**Work required**
Reproduce the records below exactly; the images should not appear.

▼

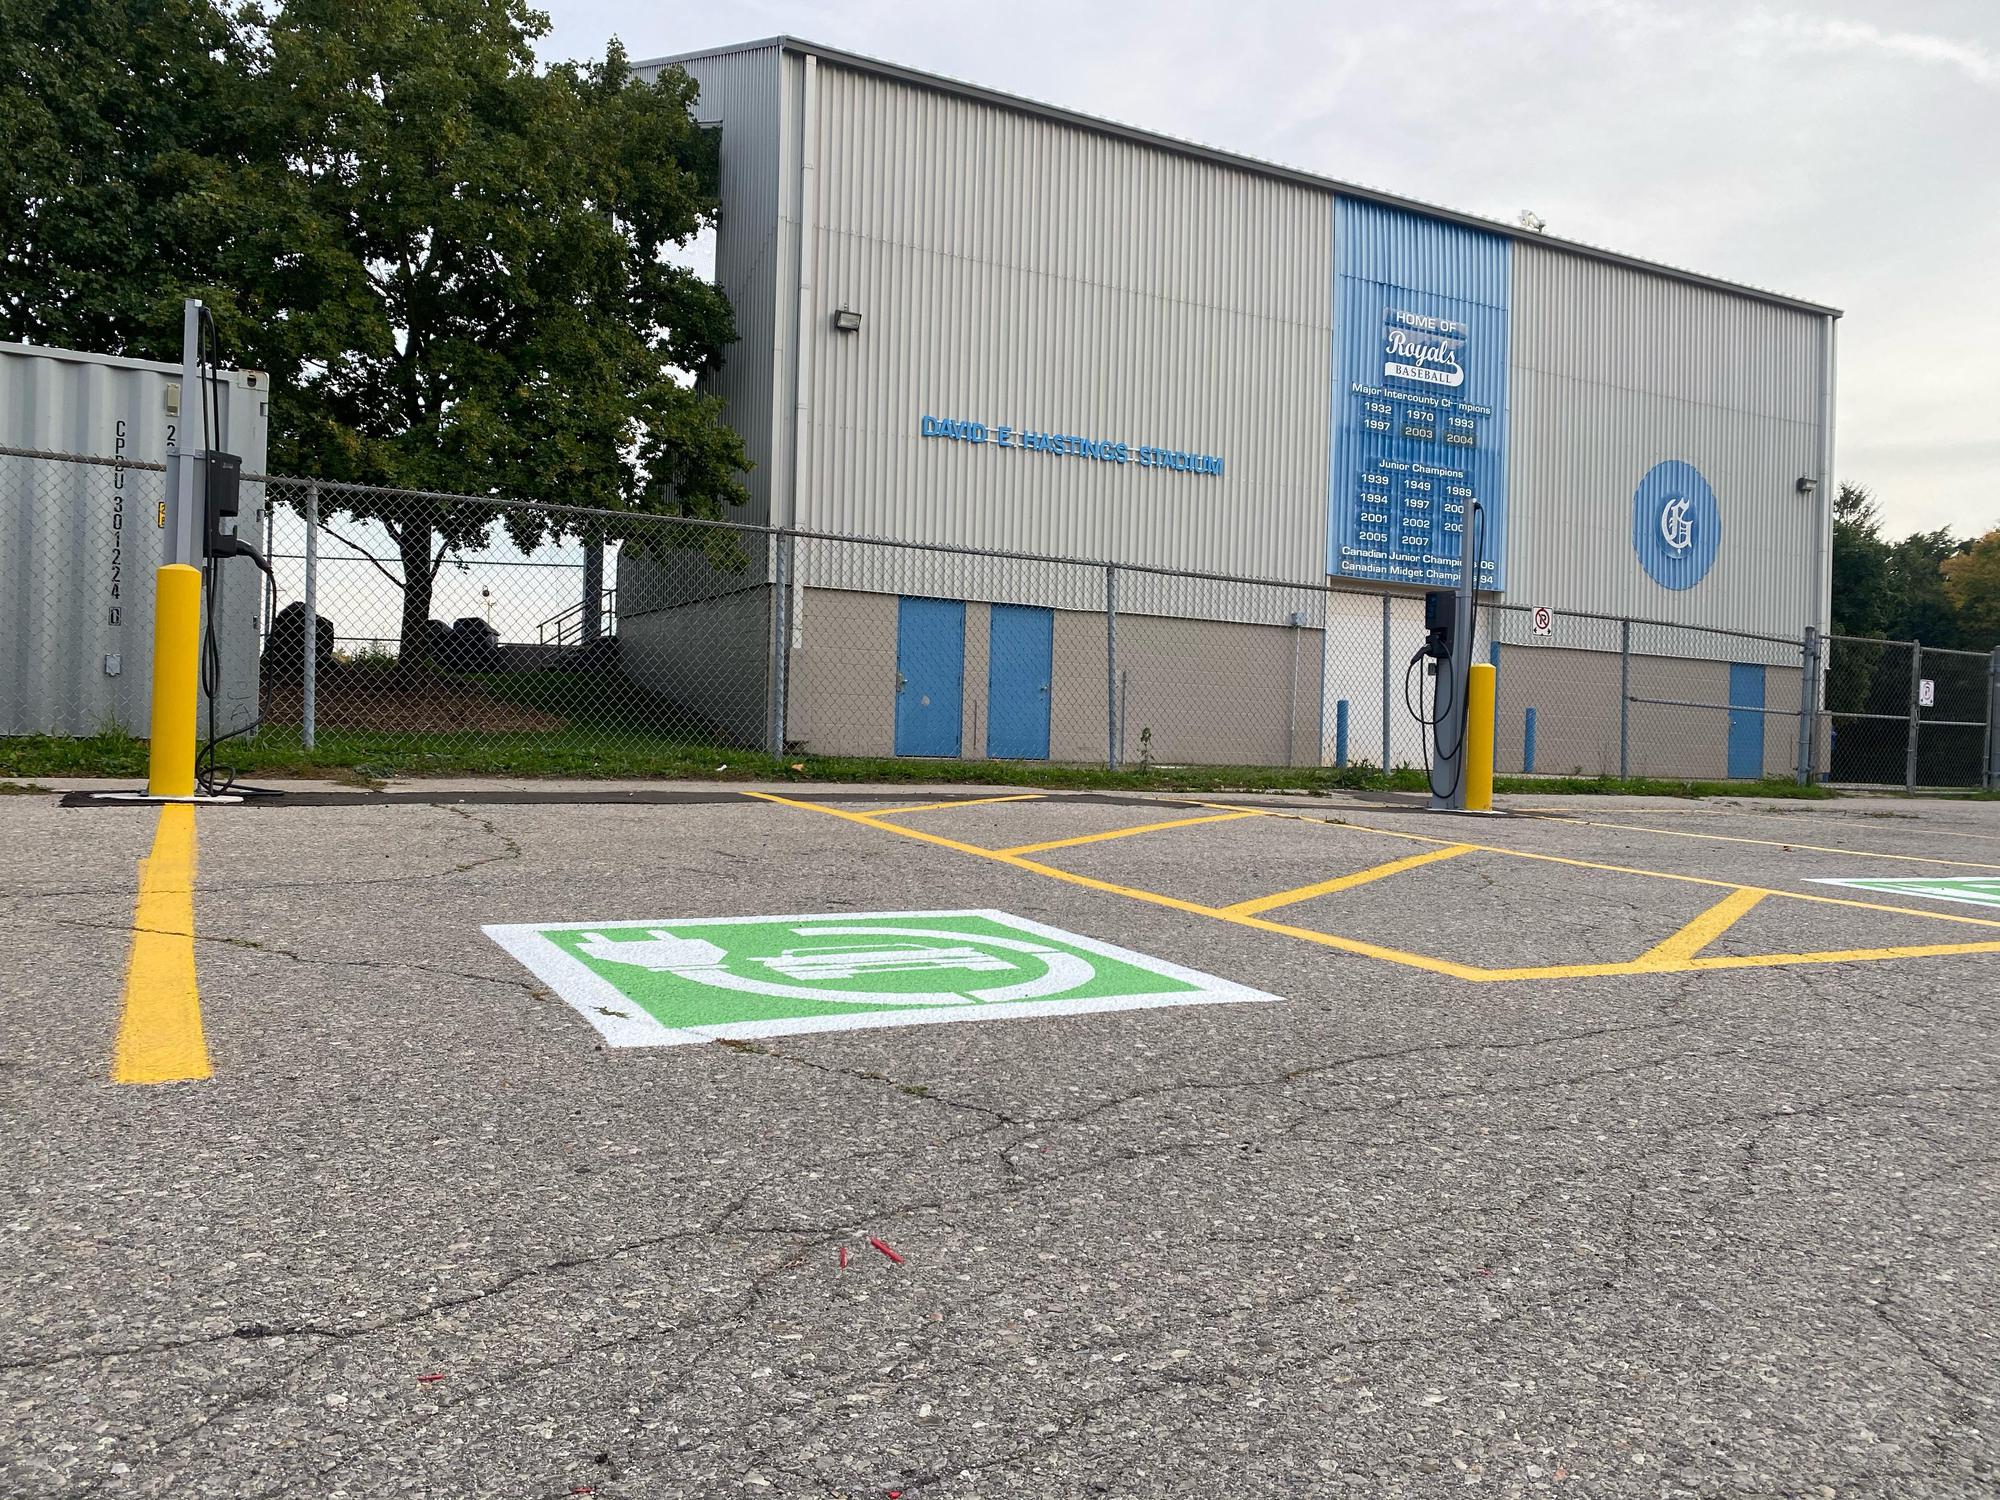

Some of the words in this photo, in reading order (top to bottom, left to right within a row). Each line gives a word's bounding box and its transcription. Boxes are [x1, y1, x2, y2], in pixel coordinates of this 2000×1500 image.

[1396, 312, 1436, 330] HOME
[1440, 320, 1457, 333] OF
[1386, 331, 1455, 366] Royals
[1395, 365, 1451, 383] BASEBALL
[1352, 383, 1382, 397] Major
[1384, 388, 1440, 408] Intercounty
[1441, 398, 1491, 415] Chmpions
[1364, 401, 1392, 415] 1932
[1406, 409, 1434, 422] 1970
[1448, 416, 1475, 430] 1993
[1364, 418, 1390, 431] 1997
[1405, 427, 1433, 439] 2003
[1447, 434, 1473, 445] 2004
[921, 415, 988, 443] DAVID
[1022, 430, 1129, 464] HASTINGS
[1139, 445, 1225, 477] STADIUM
[1379, 459, 1410, 472] Junior
[1412, 463, 1464, 479] Champions
[1361, 473, 1389, 486] 1939
[1404, 479, 1431, 492] 1949
[1446, 485, 1472, 498] 1989
[1360, 492, 1388, 506] 1994
[1404, 498, 1430, 510] 1997
[1444, 503, 1465, 514] 200
[1360, 512, 1388, 524] 2001
[1402, 517, 1430, 530] 2002
[1444, 522, 1464, 533] 200
[1359, 531, 1388, 543] 2005
[1401, 535, 1429, 547] 2007
[1341, 546, 1388, 560] Canadian
[1389, 551, 1421, 564] Junior
[1480, 560, 1495, 571] 06
[1341, 560, 1387, 574] Canadian
[1389, 565, 1424, 579] Midget
[1480, 574, 1494, 585] 94
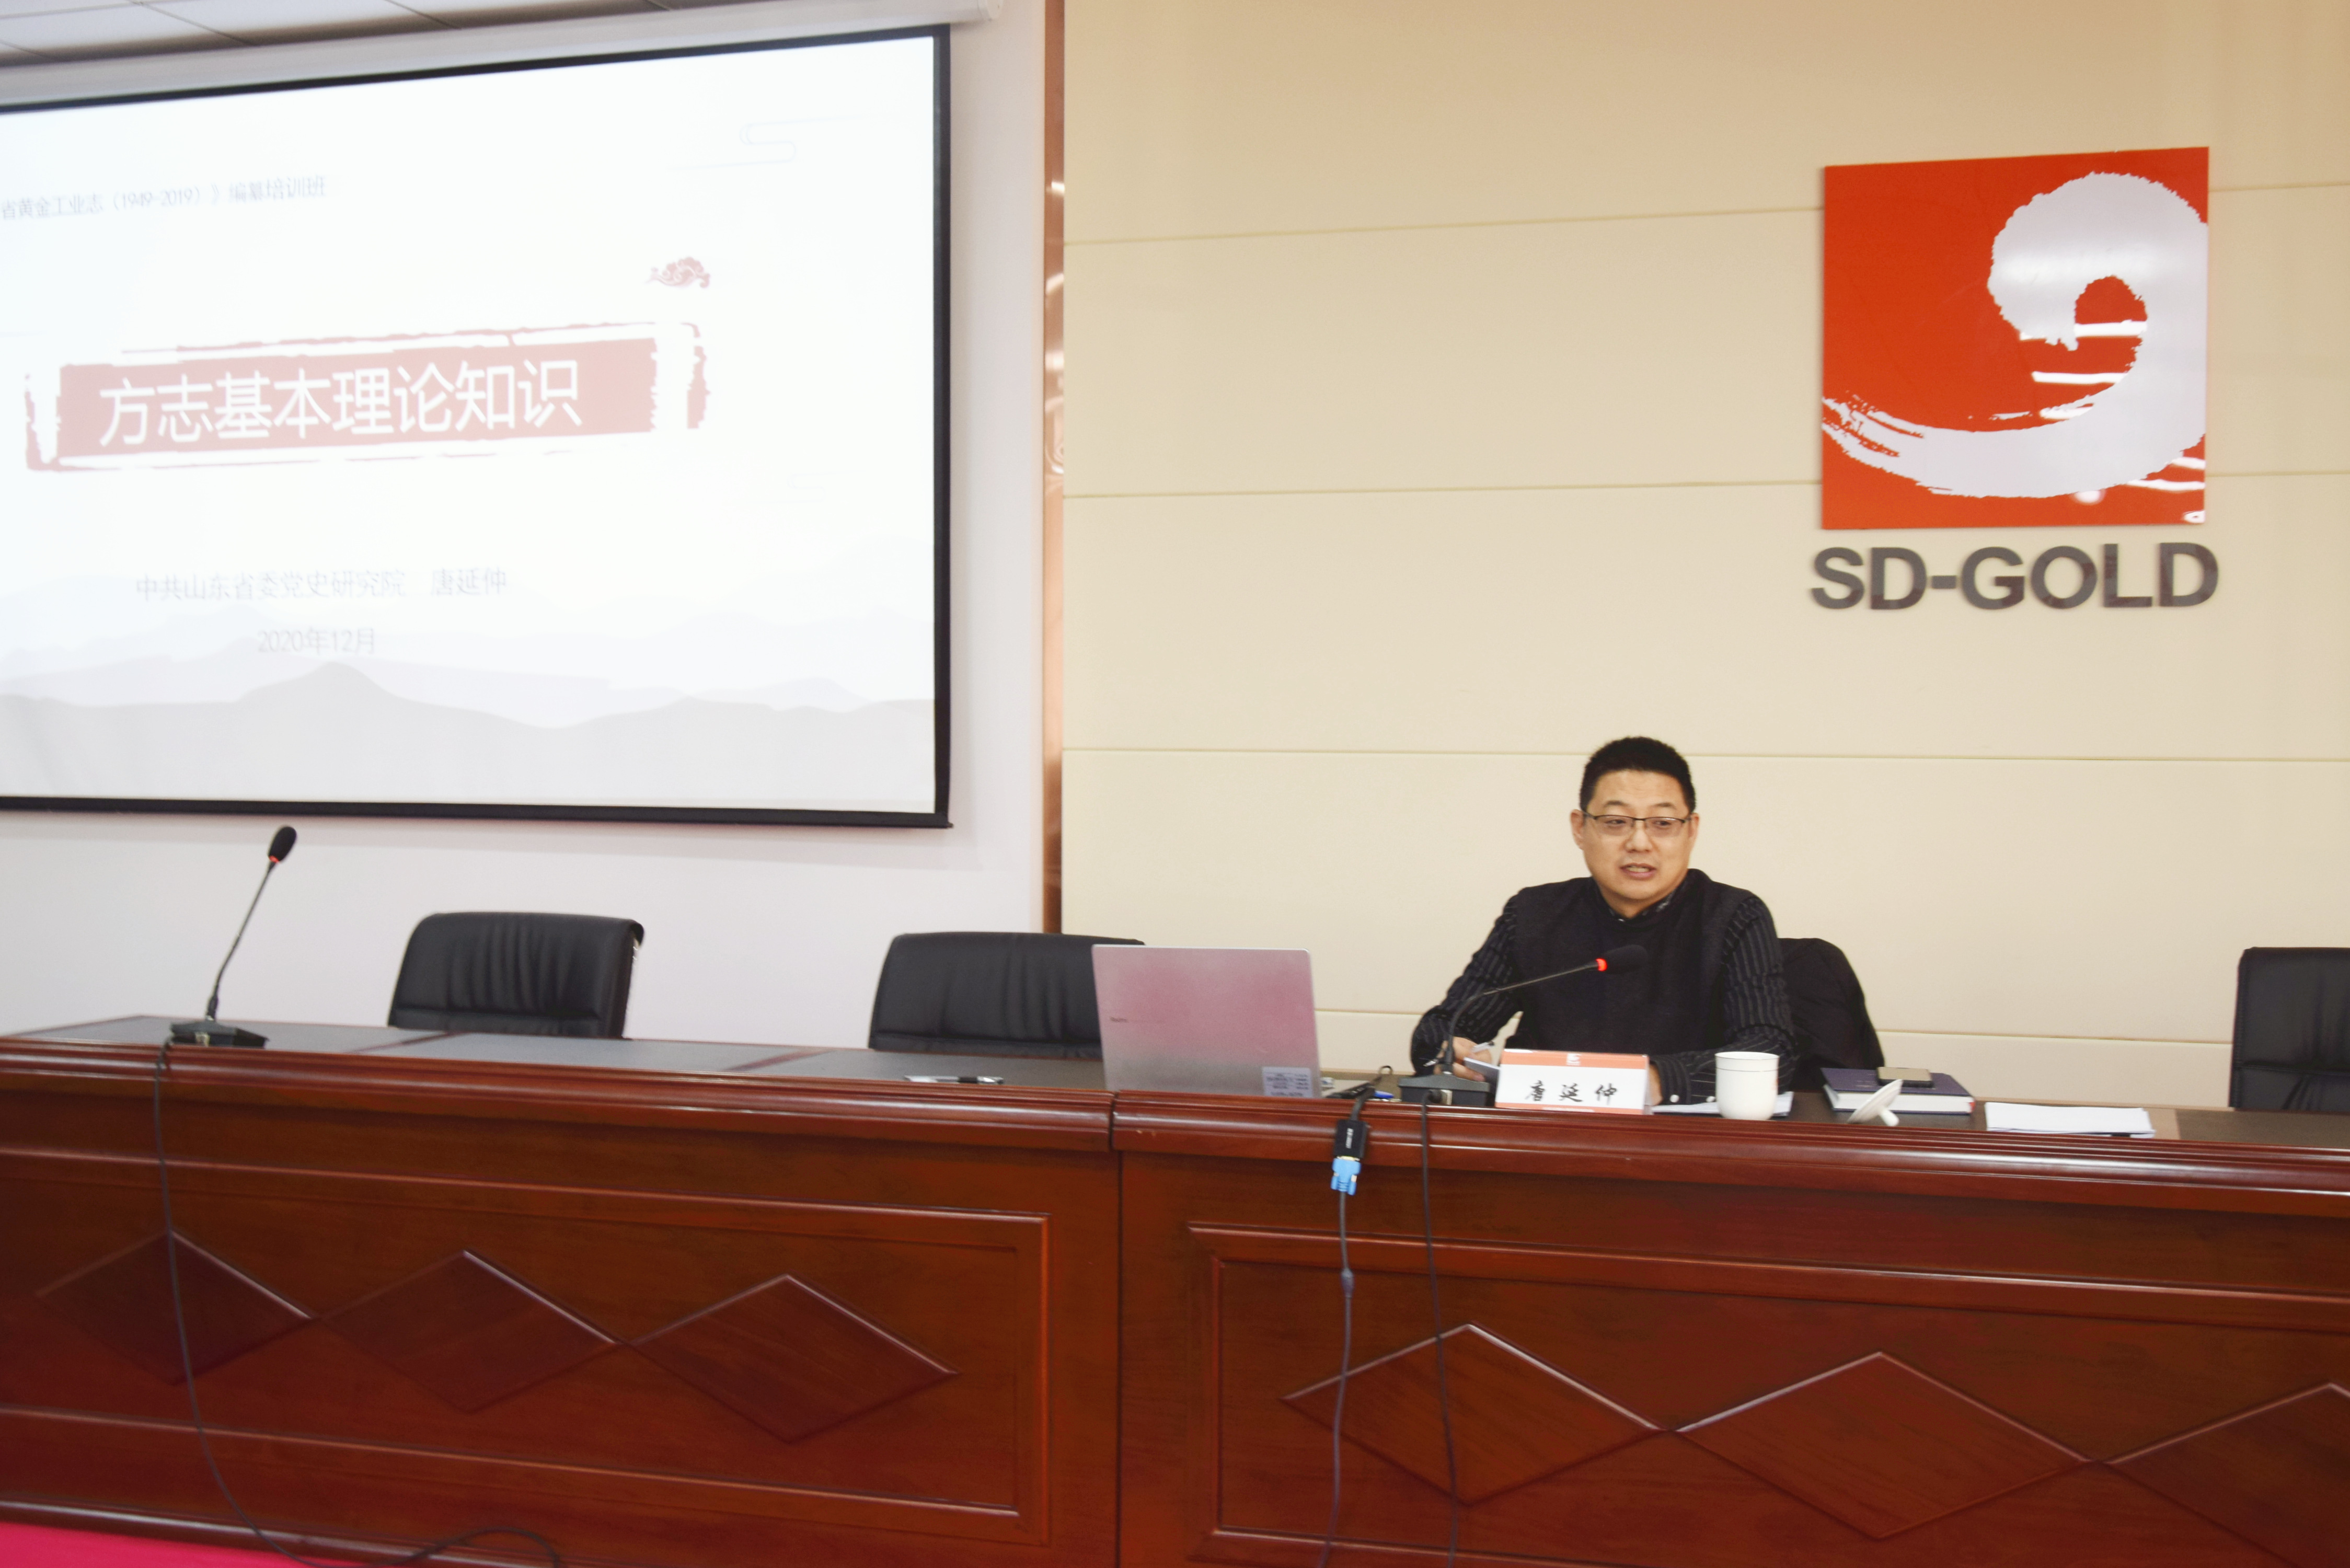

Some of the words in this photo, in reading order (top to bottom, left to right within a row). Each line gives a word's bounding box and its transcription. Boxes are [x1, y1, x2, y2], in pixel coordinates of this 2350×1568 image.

[100, 360, 582, 446] 方志基本理论知识
[136, 569, 406, 601] 中共山东省委党史研究院
[430, 566, 507, 597] 唐延仲
[1811, 542, 2219, 610] SD-GOLD
[257, 627, 376, 655] 2020年12月
[1525, 1080, 1618, 1105] 唐延仲

▲

**Reply to the exercise**
Some of the words in this photo, in reading order (top to bottom, left to right within a row). Each line gives a word's bounding box and its transcription. Boxes are [x1, y1, x2, y2], in pixel coordinates of this 2000×1500 image.

[1396, 312, 1436, 330] HOME
[1440, 320, 1457, 333] OF
[1386, 331, 1455, 366] Royals
[1395, 365, 1451, 383] BASEBALL
[1352, 383, 1382, 397] Major
[1384, 388, 1440, 408] Intercounty
[1441, 398, 1491, 415] Chmpions
[1364, 401, 1392, 415] 1932
[1406, 409, 1434, 422] 1970
[1448, 416, 1475, 430] 1993
[1364, 418, 1390, 431] 1997
[1405, 427, 1433, 439] 2003
[1447, 434, 1473, 445] 2004
[921, 415, 988, 443] DAVID
[1022, 430, 1129, 464] HASTINGS
[1139, 445, 1225, 477] STADIUM
[1379, 459, 1410, 472] Junior
[1412, 463, 1464, 479] Champions
[1361, 473, 1389, 486] 1939
[1404, 479, 1431, 492] 1949
[1446, 485, 1472, 498] 1989
[1360, 492, 1388, 506] 1994
[1404, 498, 1430, 510] 1997
[1444, 503, 1465, 514] 200
[1360, 512, 1388, 524] 2001
[1402, 517, 1430, 530] 2002
[1444, 522, 1464, 533] 200
[1359, 531, 1388, 543] 2005
[1401, 535, 1429, 547] 2007
[1341, 546, 1388, 560] Canadian
[1389, 551, 1421, 564] Junior
[1480, 560, 1495, 571] 06
[1341, 560, 1387, 574] Canadian
[1389, 565, 1424, 579] Midget
[1480, 574, 1494, 585] 94

Some of the words in this photo, in reading order (top to bottom, left to right within a row). Each line gives a word's bounding box and its transcription. Boxes are [x1, y1, x2, y2], in pixel coordinates of this 2350×1568 image.

[100, 360, 582, 446] 方志基本理论知识
[136, 569, 406, 601] 中共山东省委党史研究院
[430, 566, 507, 597] 唐延仲
[1811, 542, 2219, 610] SD-GOLD
[257, 627, 376, 655] 2020年12月
[1525, 1080, 1618, 1105] 唐延仲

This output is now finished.